[Start of section]
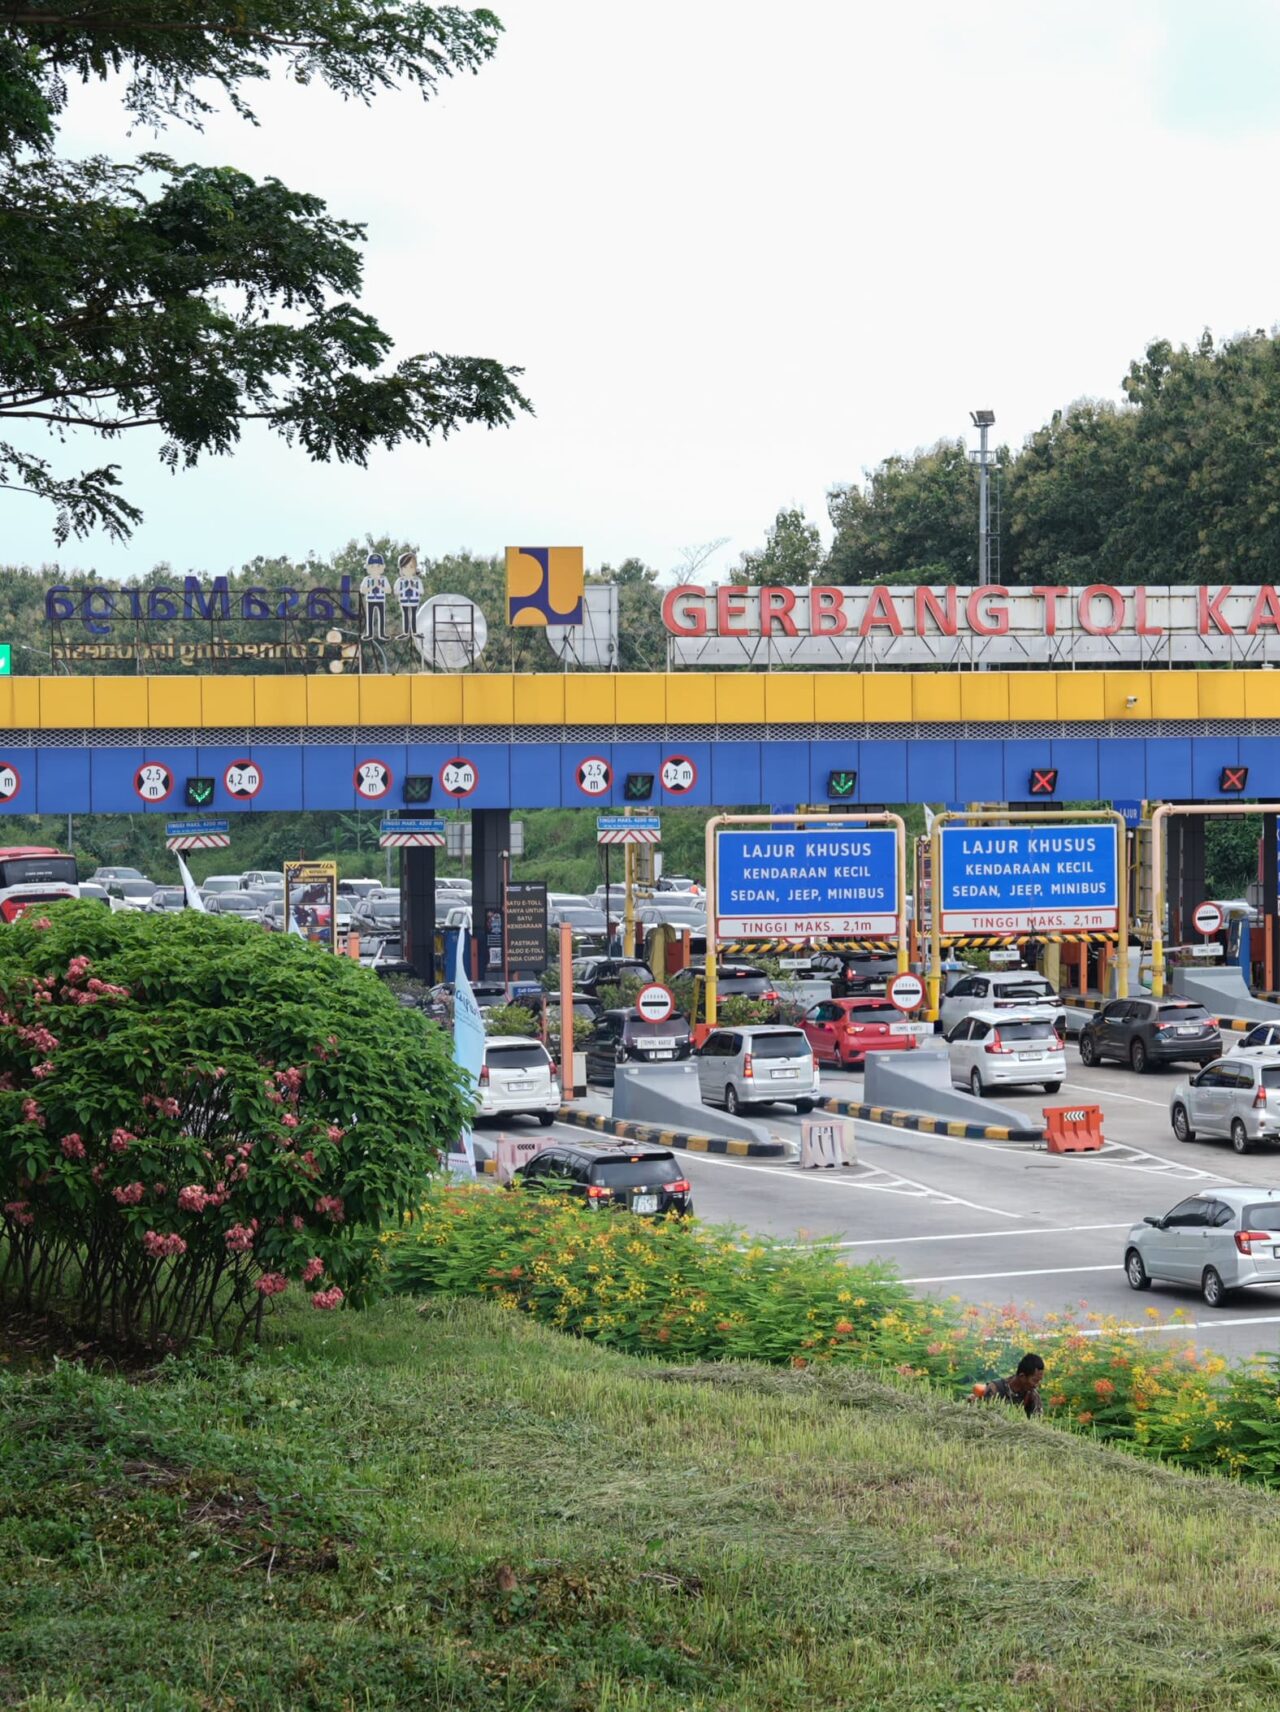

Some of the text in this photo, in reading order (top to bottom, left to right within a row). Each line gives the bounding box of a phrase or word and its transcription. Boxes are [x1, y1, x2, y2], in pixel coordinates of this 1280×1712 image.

[661, 583, 1011, 638] GERBANG
[1032, 583, 1164, 637] TOL
[146, 768, 161, 781] 2,5
[365, 766, 379, 779] 2,5
[588, 764, 602, 777] 2,5
[664, 768, 691, 781] 4,2 m
[228, 773, 257, 786] 4,2 m
[444, 771, 472, 784] 4,2 m
[149, 786, 158, 795] m
[368, 783, 378, 792] m
[590, 780, 599, 790] m
[743, 843, 872, 858] LAJUR KHUSUS
[963, 838, 1096, 854] LAJUR KHUSUS
[743, 866, 871, 879] KENDARAAN KECIL
[966, 861, 1093, 876] KENDARAAN KECIL
[730, 887, 884, 902] SEDAN, JEEP, MINIBUS
[952, 882, 1107, 898] SEDAN, JEEP, MINIBUS
[742, 922, 788, 933] TINGGI
[794, 921, 834, 932] MAKS.
[972, 917, 1019, 928] TINGGI
[1027, 916, 1066, 927] MAKS.
[End of section]
What to work on
Repeat the data exactly, without the pictures.

Solution for this exercise
Some of the text in this photo, in reading order (top to bottom, left to right within a row). Each line gives the bounding box of a phrase or word and its transcription. Boxes are [x1, y1, x2, y2], in pixel coordinates of this 1280×1712 image.

[661, 583, 1011, 638] GERBANG
[1032, 583, 1164, 637] TOL
[146, 768, 161, 781] 2,5
[365, 766, 379, 779] 2,5
[588, 764, 602, 777] 2,5
[664, 768, 691, 781] 4,2 m
[228, 773, 257, 786] 4,2 m
[444, 771, 472, 784] 4,2 m
[149, 786, 158, 795] m
[368, 783, 378, 792] m
[590, 780, 599, 790] m
[743, 843, 872, 858] LAJUR KHUSUS
[963, 838, 1096, 854] LAJUR KHUSUS
[743, 866, 871, 879] KENDARAAN KECIL
[966, 861, 1093, 876] KENDARAAN KECIL
[730, 887, 884, 902] SEDAN, JEEP, MINIBUS
[952, 882, 1107, 898] SEDAN, JEEP, MINIBUS
[742, 922, 788, 933] TINGGI
[794, 921, 834, 932] MAKS.
[972, 917, 1019, 928] TINGGI
[1027, 916, 1066, 927] MAKS.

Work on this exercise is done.